--- Extracted entries Enclosed Below ---
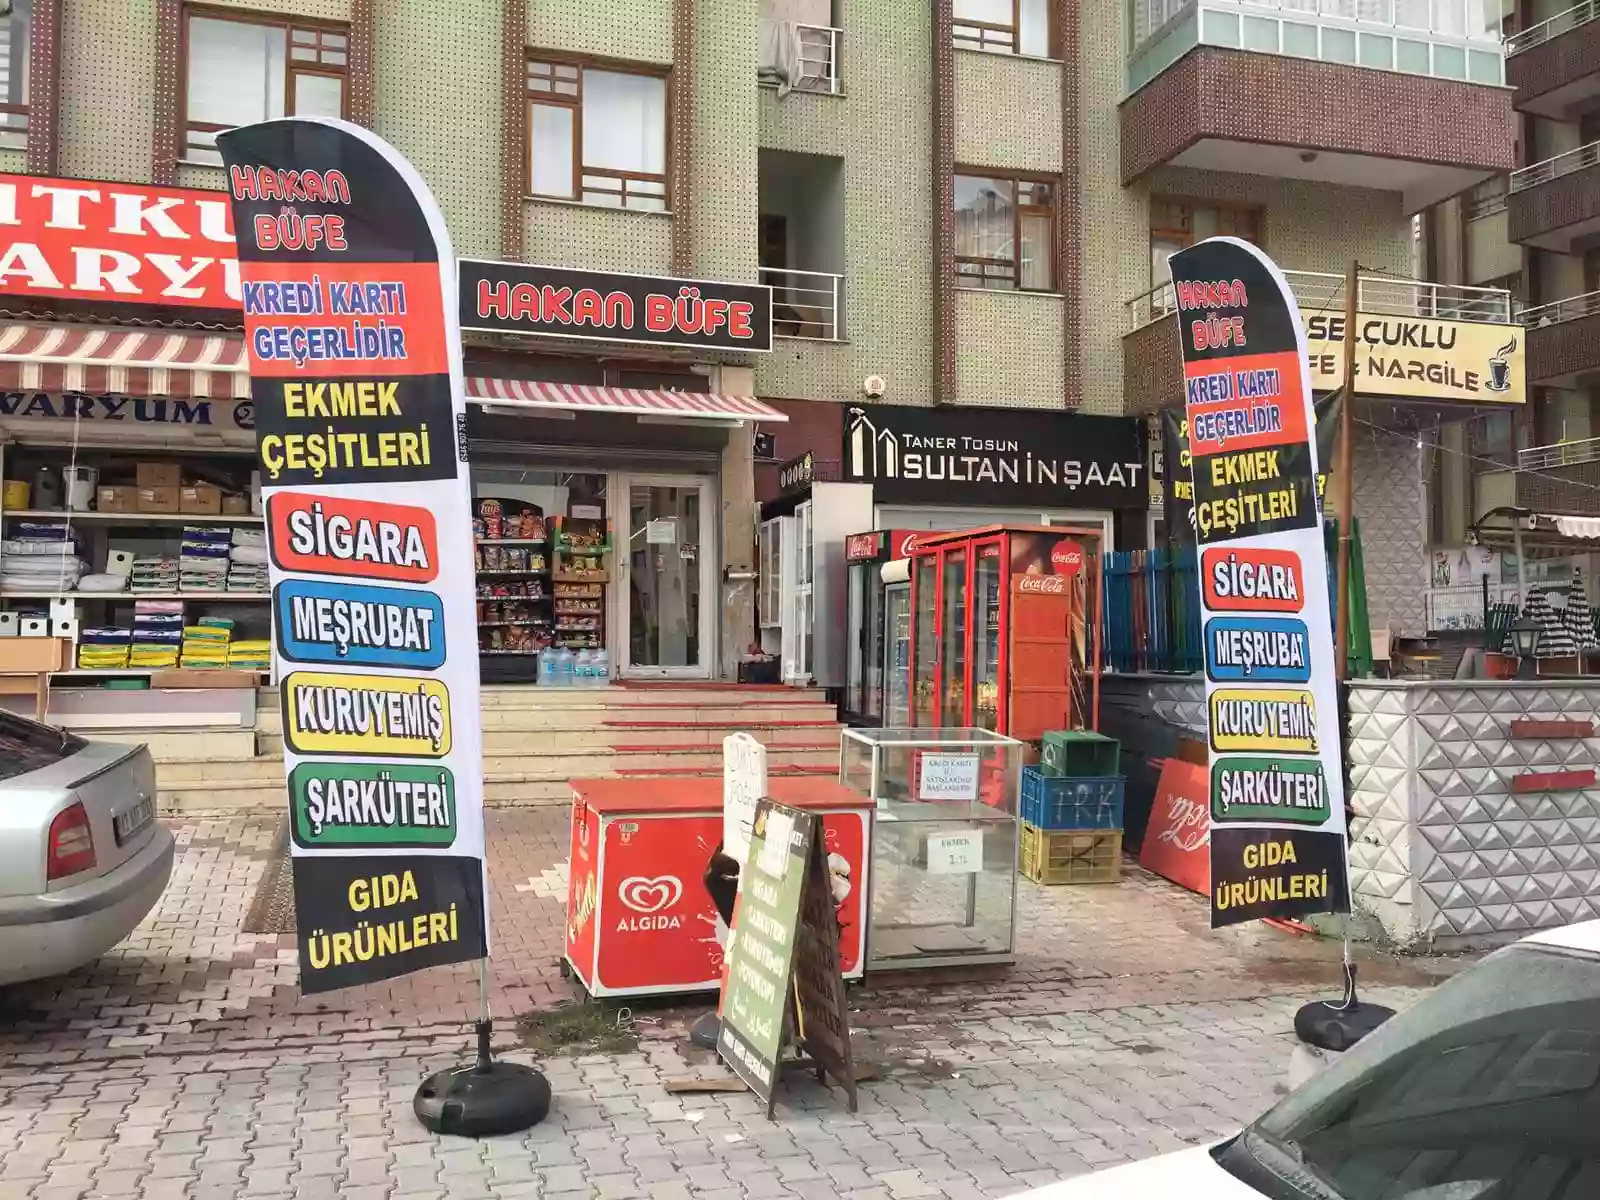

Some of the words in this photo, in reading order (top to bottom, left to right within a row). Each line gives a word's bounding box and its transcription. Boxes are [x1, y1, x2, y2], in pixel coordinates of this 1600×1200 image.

[231, 164, 351, 204] HAKAN
[254, 206, 348, 251] BÜFE
[243, 276, 324, 315] KREDİ
[329, 281, 407, 315] KARTI
[477, 278, 634, 330] HAKAN
[645, 287, 753, 338] BÜFE
[1177, 278, 1247, 309] HAKAN
[254, 320, 407, 368] GEÇERLİDİR
[1192, 313, 1246, 350] BÜFE
[1308, 316, 1457, 352] SEÇUKLU
[1187, 366, 1233, 403] KREDİ
[1237, 366, 1281, 398] KARTI
[1368, 357, 1480, 392] NARGİLE
[283, 382, 402, 417] EKMEK
[902, 433, 956, 449] TANER
[961, 436, 1018, 452] TOSUN
[1194, 400, 1282, 446] GEÇERLİDİR
[261, 423, 430, 479] ÇEŞİTLERİ
[1211, 451, 1280, 487] EKMEK
[1198, 482, 1297, 539] ÇEŞİTLERİ
[288, 501, 428, 569] SİGARA
[1213, 552, 1298, 601] SİGARA
[289, 596, 434, 657] MEŞRUBAT
[1215, 630, 1305, 676] MEŞRUBAT
[294, 683, 445, 751] KURUYEMİŞ
[1216, 694, 1318, 750] KURUYEMİŞ
[305, 771, 450, 838] ŞARKÜTERİ
[1220, 762, 1324, 813] ŞARKÜTERİ
[1243, 840, 1297, 868] GIDA
[348, 870, 418, 912] GIDA
[1216, 868, 1327, 910] ÜRÜNLERİ
[308, 903, 458, 969] ÜRÜNLERİ
--- End of Enclosed Extracted entries ---
Try it:
Each line of the records is to be reproduced exactly, and each picture dropped.

Output for this exercise:
Some of the words in this photo, in reading order (top to bottom, left to right within a row). Each line gives a word's bounding box and its transcription. Boxes are [x1, y1, x2, y2], in pixel coordinates of this 1600×1200 image.

[231, 164, 351, 204] HAKAN
[254, 206, 348, 251] BÜFE
[243, 276, 324, 315] KREDİ
[329, 281, 407, 315] KARTI
[477, 278, 634, 330] HAKAN
[645, 287, 753, 338] BÜFE
[1177, 278, 1247, 309] HAKAN
[254, 320, 407, 368] GEÇERLİDİR
[1192, 313, 1246, 350] BÜFE
[1308, 316, 1457, 352] SEÇUKLU
[1187, 366, 1233, 403] KREDİ
[1237, 366, 1281, 398] KARTI
[1368, 357, 1480, 392] NARGİLE
[283, 382, 402, 417] EKMEK
[902, 433, 956, 449] TANER
[961, 436, 1018, 452] TOSUN
[1194, 400, 1282, 446] GEÇERLİDİR
[261, 423, 430, 479] ÇEŞİTLERİ
[1211, 451, 1280, 487] EKMEK
[1198, 482, 1297, 539] ÇEŞİTLERİ
[288, 501, 428, 569] SİGARA
[1213, 552, 1298, 601] SİGARA
[289, 596, 434, 657] MEŞRUBAT
[1215, 630, 1305, 676] MEŞRUBAT
[294, 683, 445, 751] KURUYEMİŞ
[1216, 694, 1318, 750] KURUYEMİŞ
[305, 771, 450, 838] ŞARKÜTERİ
[1220, 762, 1324, 813] ŞARKÜTERİ
[1243, 840, 1297, 868] GIDA
[348, 870, 418, 912] GIDA
[1216, 868, 1327, 910] ÜRÜNLERİ
[308, 903, 458, 969] ÜRÜNLERİ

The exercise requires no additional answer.